I was watching a Golden Girls episode recently in which Rose (another great plug for Minnesota:D) has a sleepless night and drives from her home in Miami to Tuscaloosa, AL and back. That’s a round trip of 1,600 miles! (Orlando is believable for a round trip from Miami on a sleepless night- much beyond that, not so much.)
As a former hotel desk clerk it always irks me when somebody walks up to a hotel desk, asks “What room is Mr. ____ in?” and the clerk answers “Room 802”. You literally learn on your first day in a hotel that giving out a room number is a BIG no-no. (You direct them to a house phone instead.)
A former professor from Milwaukee always loved Happy Days and Laverne & Shirley for portraying Milwaukee as an extension of Little Italy (Fonzie, Chachi, Al, Laverne & her pop, etc.). “They can’t sling a pizza without hitting 5 Italians, but in the whole city there’s not a German, a Pole, a Swede, or an obese person.”
You can’t ? Oh, it’s sooo easy.
Go to http.://www.NORAD.gov/backdoor.
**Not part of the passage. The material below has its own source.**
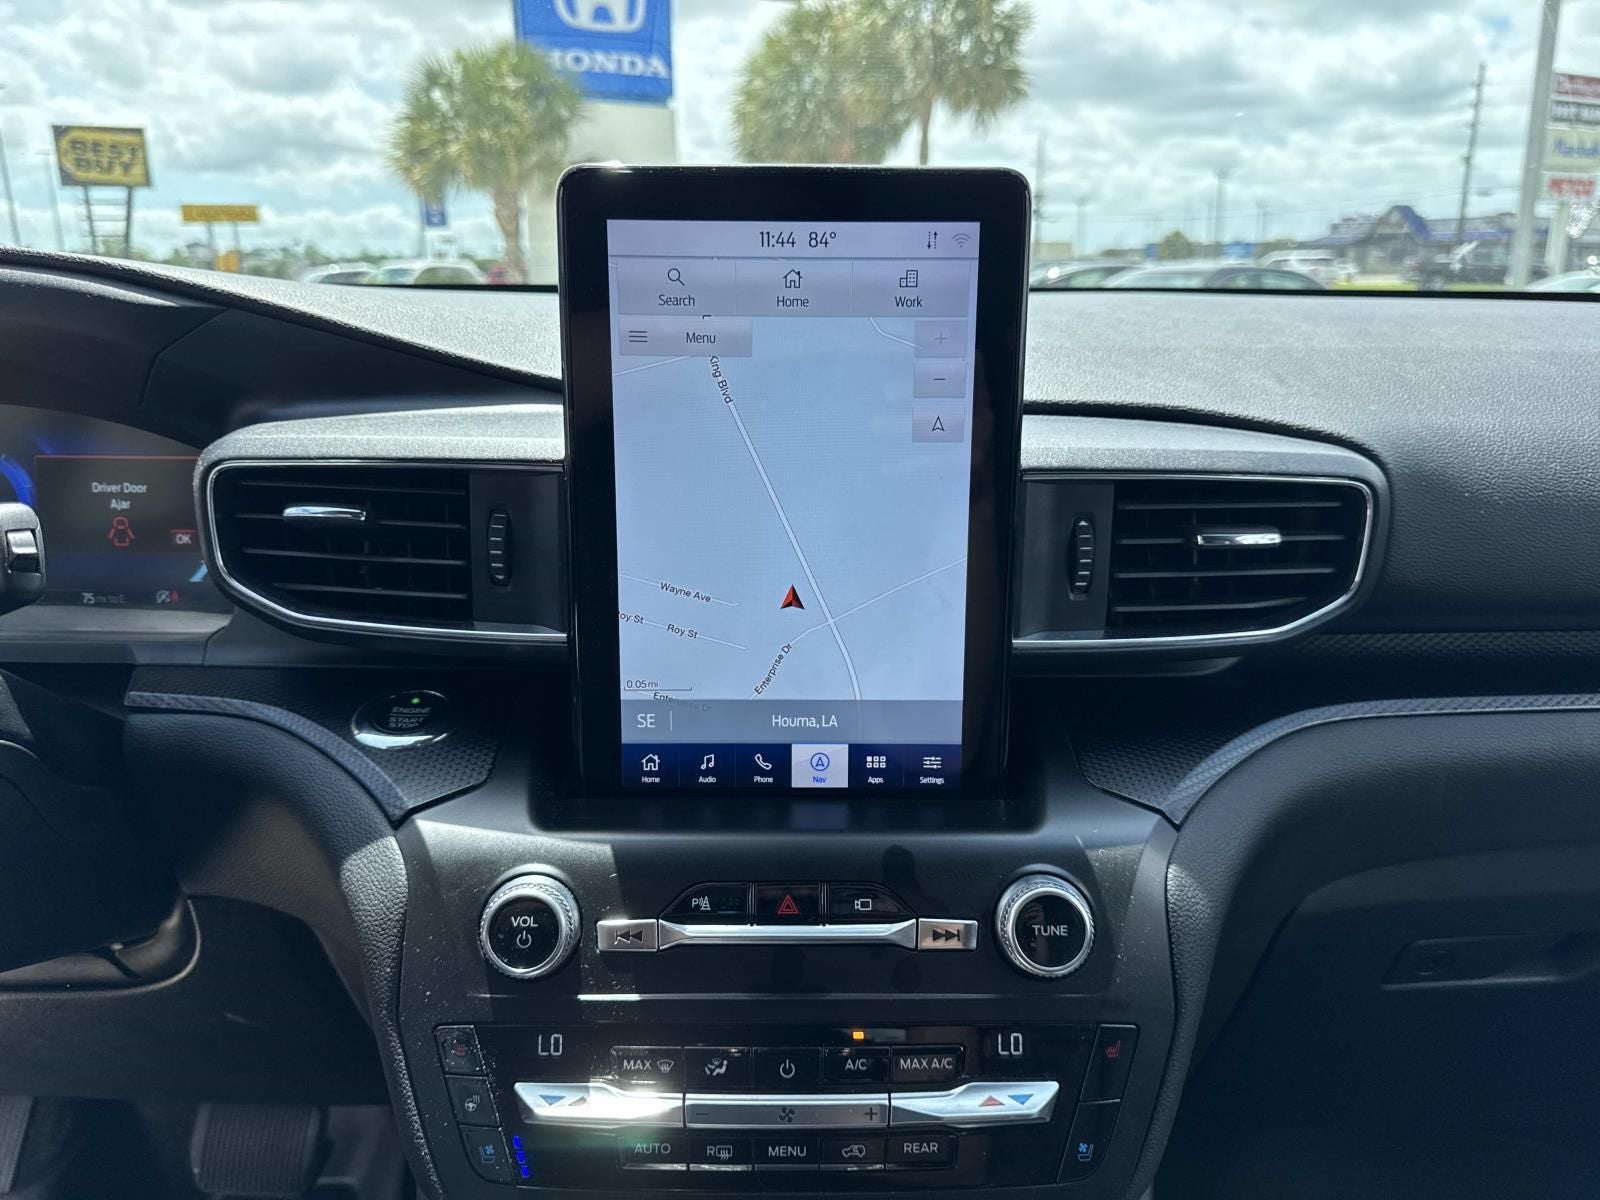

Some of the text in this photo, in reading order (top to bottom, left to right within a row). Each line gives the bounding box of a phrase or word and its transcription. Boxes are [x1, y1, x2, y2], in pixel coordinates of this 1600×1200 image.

There’ll be a password prompt taking up your whole screen, but it’s OK : there’s no limit to how many passwords you can try, and a flashing red ACCESS DENIED message is the only trouble you’re likely to face. Try a few random words if you like, but the password is in all caps and directly related to something you learned about the private life a proeminent government official during the course of the movie/episode. Or it might be the name of the guy who designed the system. Don’t worry though : a flashback or inner monologue said out loud will put you on the right track.
And once you’re in, well, everything’s in there, really. Secret files and DNA specs on every single detail of every citizen’s life, which are in turn linked to every other computer in the world so if you change a detail, it’s updated everywhere (handy if you want to make believe someone is dead, or hasn’t paid his bills), plans for every secret weapon in the history of mankind, flashing nuclear launch button and a one-click option to transfer a virtually limitless amount of money to and from supersecret CIA black bank accounts. It’s all very simple and intuitive.
Thankfully, not many people on the net know about the backdoor.